Go in Go

Go in Go

As of the 1.5 release of Go, the entire system is now written in Go.(And a little assembler.)

C is gone.

Side note: gccgo is still going strong.

This talk is about the original compiler, gc .

Why was it in C?

Bootstrapping.

(Also Go was not intended primarily as a compiler implementation language.)

Why move the compiler to Go?

Not for validation; we have more pragmatic motives:

  • Go is easier to write (correctly) than C.
  • Go is easier to debug than C (even absent a debugger).
  • Go is the only language you'd need to know; encourages contributions.
  • Go has better modularity, tooling, testing, profiling, ...
  • Go makes parallel execution trivial.

Already seeing benefits, and it's early yet.

Design document: golang.org/s/go13compiler

Why move the runtime to Go?

We had our own C compiler just to compile the runtime.We needed a compiler with the same ABI as Go, such as segmented stacks.

Switching it to Go means we can get rid of the C compiler.That's more important than converting the compiler to Go.

(All the reasons for moving the compiler apply to the runtime as well.)

Now only one language in the runtime; easier integration, stack management, etc.

As always, simplicity is the overriding consideration.

History

Why do we have our own tool chain at all?

Our own ABI?

Our own file formats?

History, familiarity, and ease of moving forward.

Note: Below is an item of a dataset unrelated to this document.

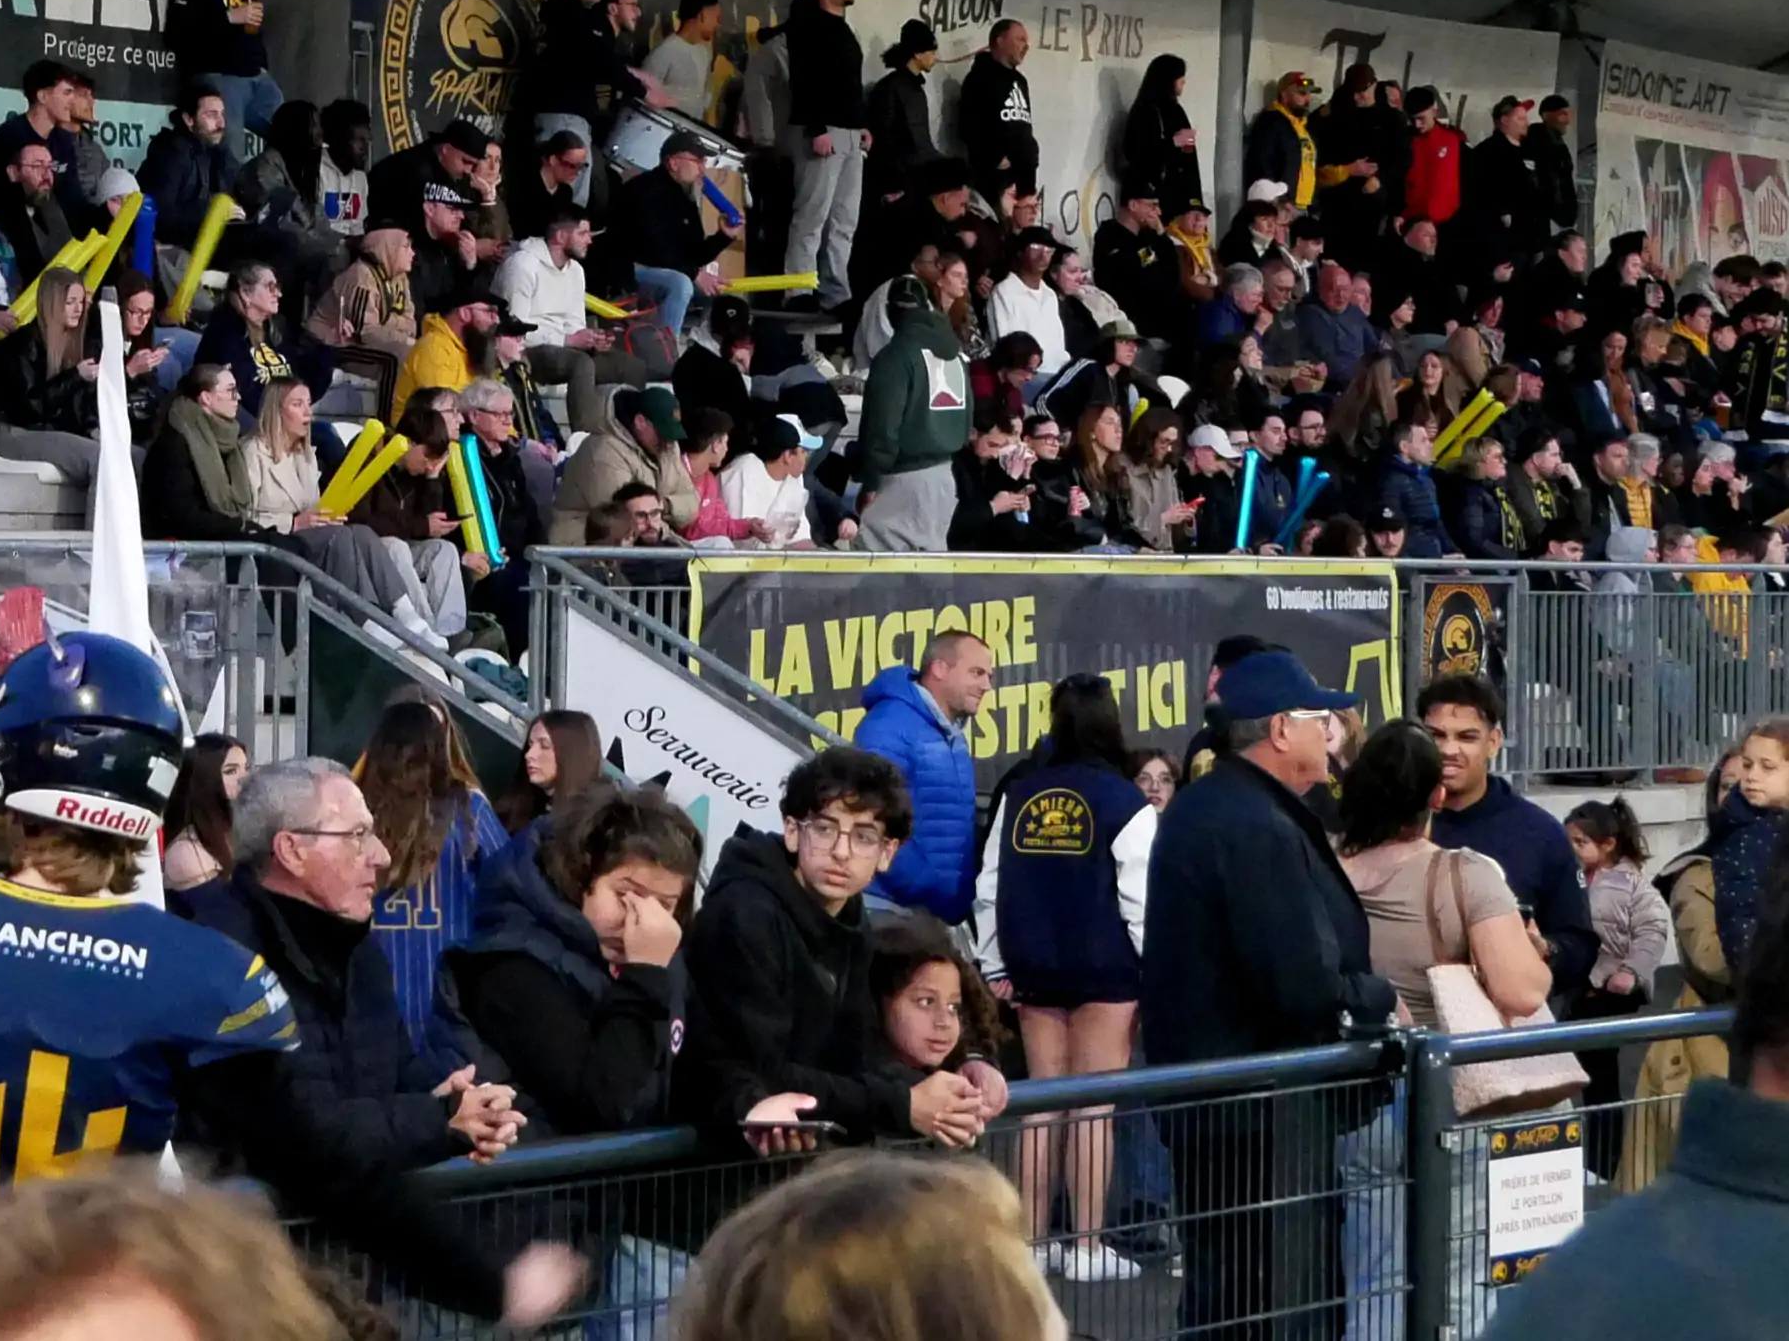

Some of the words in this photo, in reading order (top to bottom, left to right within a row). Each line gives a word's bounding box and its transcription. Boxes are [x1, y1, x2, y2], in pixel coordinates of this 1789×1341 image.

And speed.

Many of Go's big changes would be much harder with GCC or LLVM.

news.ycombinator.com/item?id=8817990

Big changes

All made easier by owning the tools and/or moving to Go:

  • linker rearchitecture
  • new garbage collector
  • stack maps
  • contiguous stacks
  • write barriers

The last three are all but impossible in C:

  • C is not type safe; don't always know what's a pointer
  • aliasing of stack slots caused by optimization

( Gccgo will have segmented stacks and imprecise (stack) collection for a while yet.)

Goroutine stacks

  • Until 1.2: Stacks were segmented.
  • 1.3: Stacks were contiguous unless executing C code (runtime).
  • 1.4: Stacks made contiguous by restricting C to system stack.
  • 1.5: Stacks made contiguous by eliminating C.

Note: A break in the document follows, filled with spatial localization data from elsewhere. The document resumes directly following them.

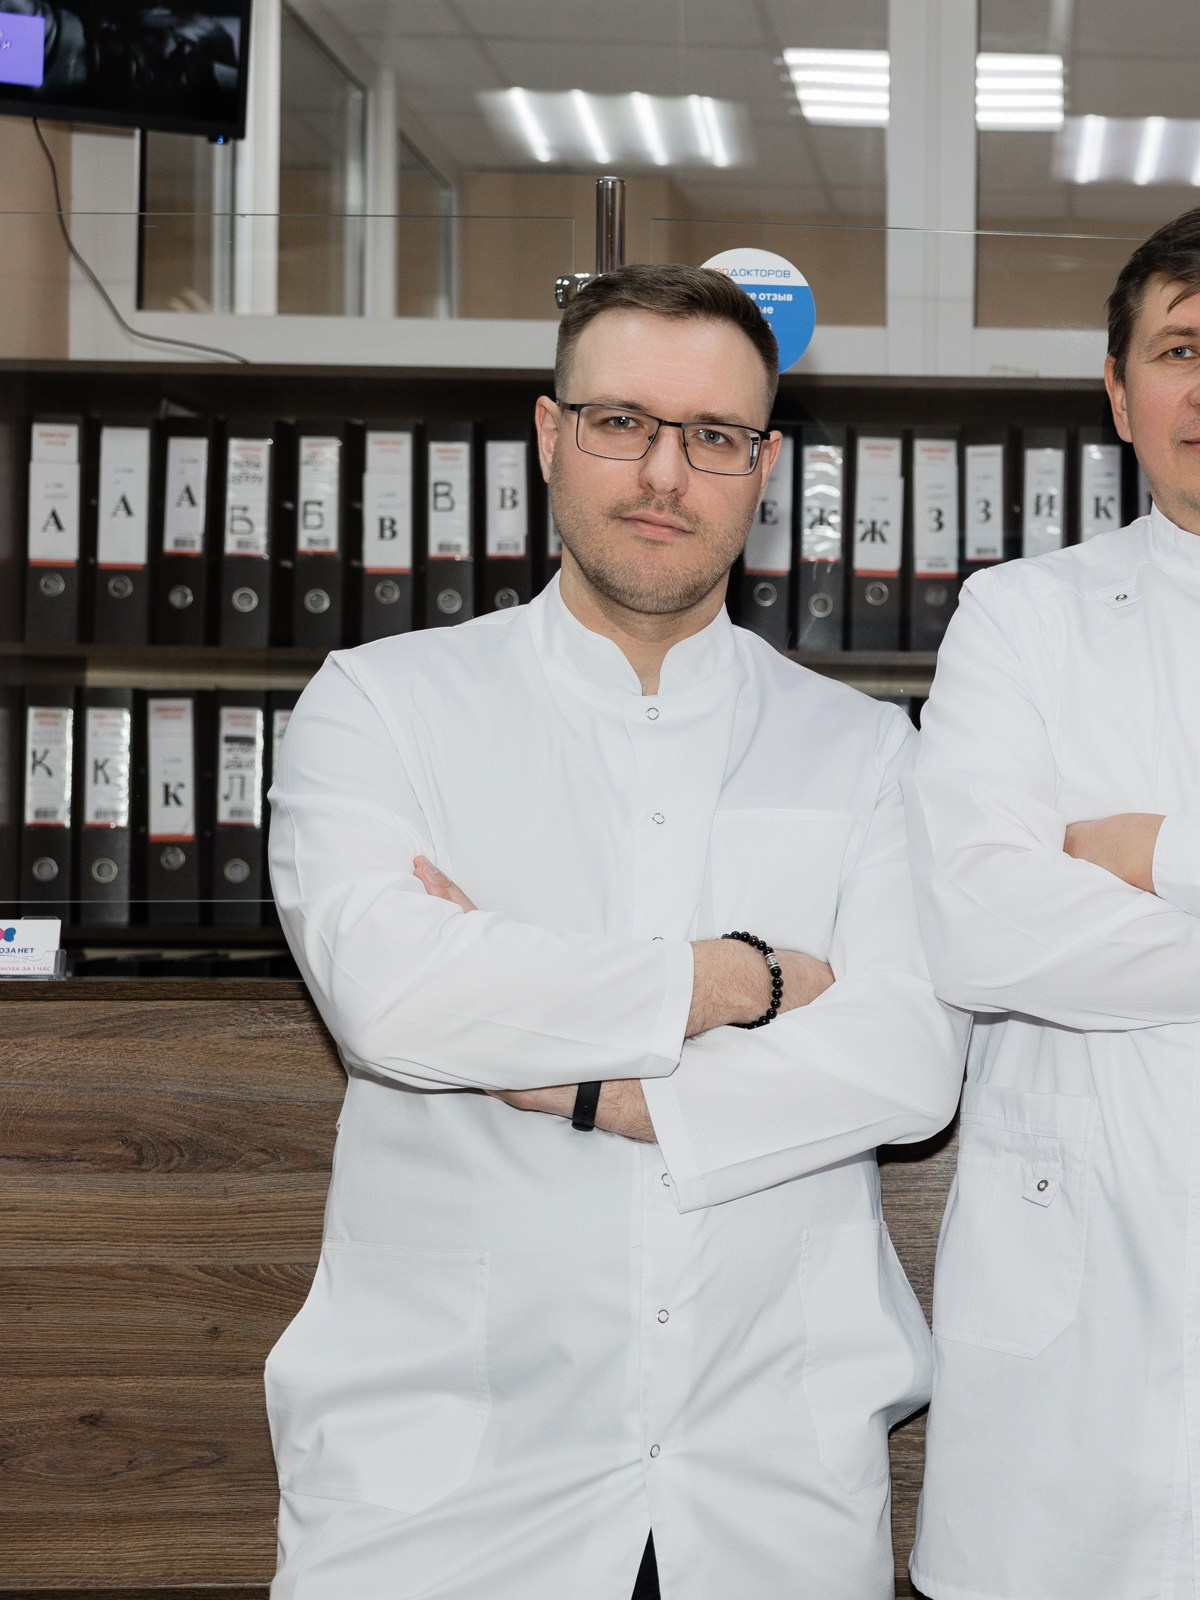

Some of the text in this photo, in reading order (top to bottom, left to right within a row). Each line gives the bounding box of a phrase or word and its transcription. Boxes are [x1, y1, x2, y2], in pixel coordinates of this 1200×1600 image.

[706, 267, 791, 278] ОДОКТОРОВ
[758, 292, 793, 302] отзыв
[111, 493, 134, 517] А
[176, 483, 197, 507] А
[432, 481, 455, 512] В
[499, 486, 518, 510] В
[1033, 493, 1056, 517] И
[1094, 495, 1115, 519] К
[42, 508, 65, 532] А
[229, 504, 255, 535] Б
[303, 500, 324, 530] Б
[759, 501, 778, 525] Е
[378, 516, 398, 541] В
[856, 519, 891, 544] Ж
[31, 748, 53, 778] К
[93, 757, 111, 785] К
[162, 782, 186, 807] К

These were each huge steps, made quickly (led by khr@ ).

Converting the runtime

Mostly done by hand with machine assistance.

Challenge to implement the runtime in a safe language.

Some use of unsafe to deal with pointers as raw bits in the GC, for instance.

But less than you might think.

The translator (next sections) helped for some of the translation.

Converting the compiler

Why translate it, not write it from scratch? Correctness, testing.

Steps:

  • Write a custom translator from C to Go.
  • Run the translator, iterate until success.
  • Measure success by bit-identical output.
  • Clean up the code by hand and by machine.
  • Turn it from C-in-Go to idiomatic Go (still happening).

Translator

First output was C line-by-line translated to (bad!) Go.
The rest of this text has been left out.